Take out the ;jsessionid stuff from the link and it will work.

Re: Haskell the next language for Rubyists? by Neil Bartlett

I'm skipping Ruby and going straight to Haskell!

Re: Haskell the next language for Rubyists? by Michel Löhr

Well that depends on what you actually want to do!

For example, if you want to create a web app, then you are still better off with Ruby on Rails (as far as I know Haskell is still lacking such web framework).

Two other notes:
1. You can still combine with languages, each for their own strenghts.
2. Ruby also has functional (lambda) support builtin, so you can use a (limited) functional approach within Ruby.

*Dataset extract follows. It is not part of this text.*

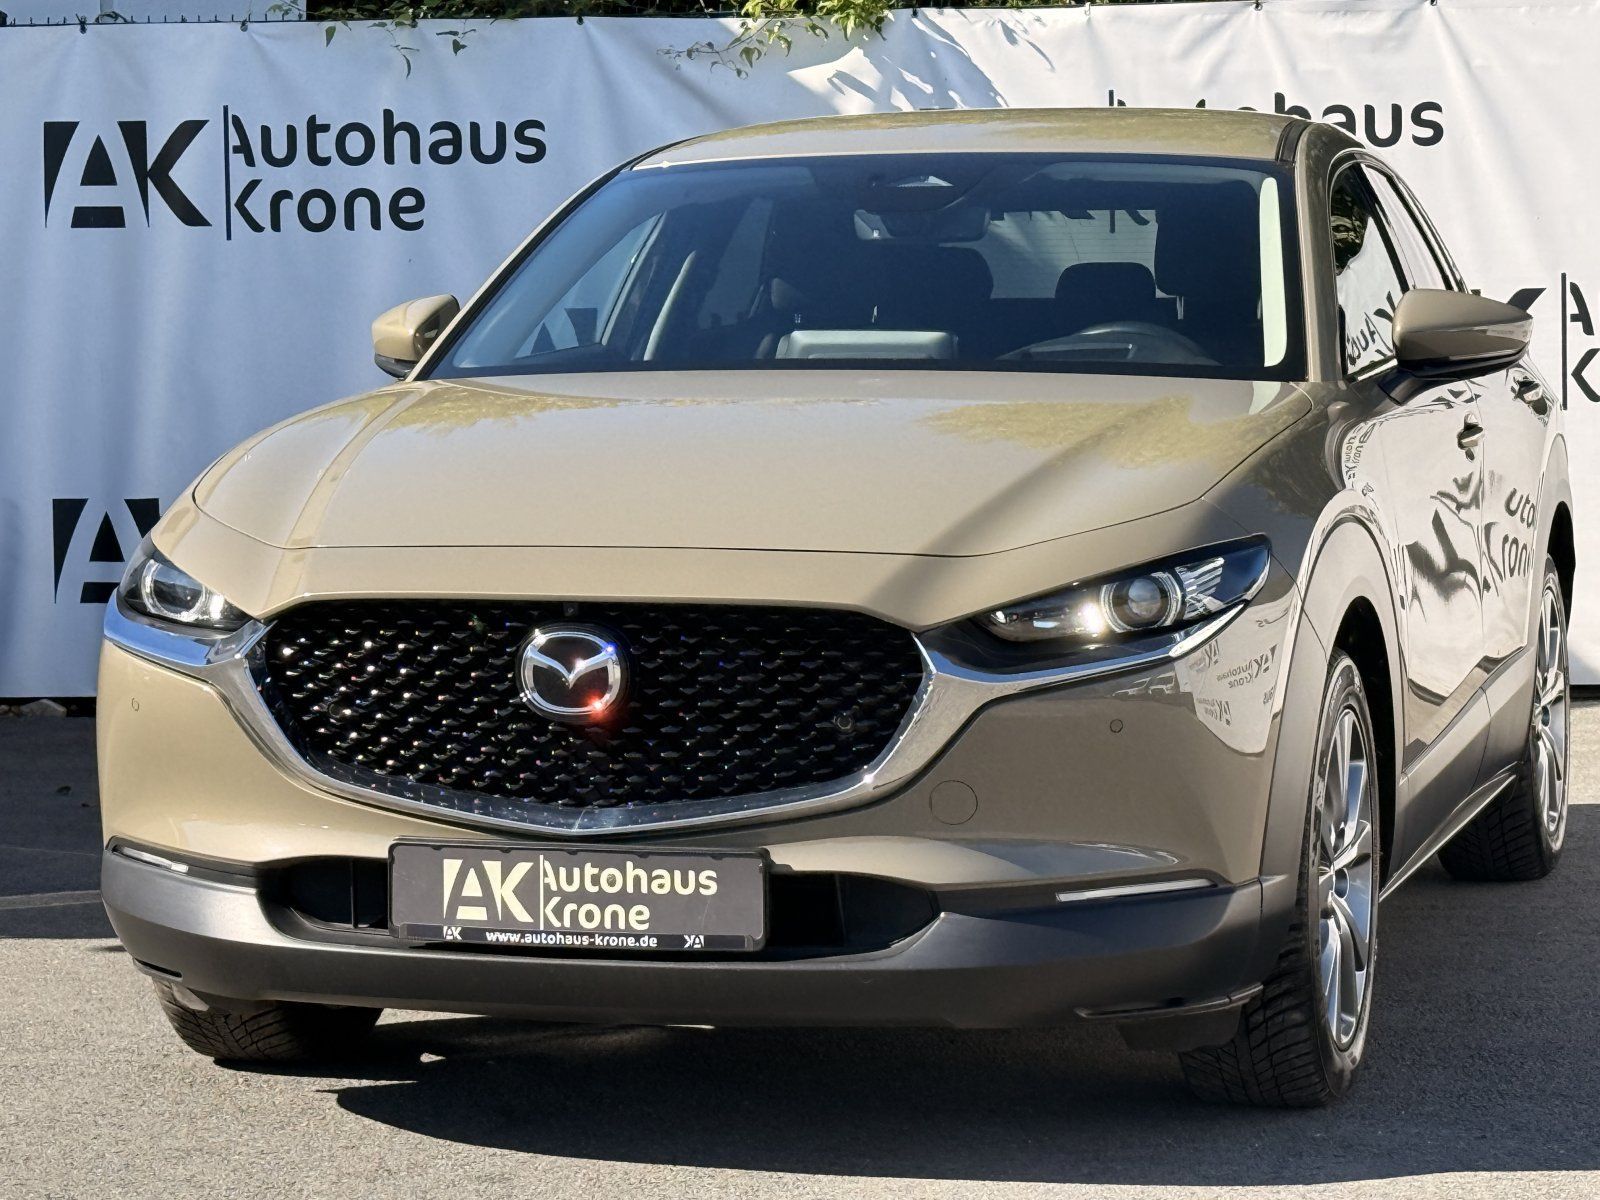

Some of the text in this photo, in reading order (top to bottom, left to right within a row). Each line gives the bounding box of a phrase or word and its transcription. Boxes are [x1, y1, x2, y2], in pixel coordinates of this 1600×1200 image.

Check out the "rubyonrails" framework for erlang by Christian Kvalheim

making these work with Java and .NET is important too by alexis richardson

Hi all, I'd like to submit that there is a healthy middle ground making the best use of all of these. We use Erlang/OTP for concurrency and reliability in our AMQP broker implementation: www.rabbitmq.com. We offer clients in other languages such as Java. OTP has awesome power as a commercial messaging broker platform, and people can use whatever languages they like to access the messaging infrastructure over AMQP. And, if you want to see Erlang in action, you can examine the broker code too. Please take a look and get involved! The RabbitMQ FAQ has helpful references on all this as well.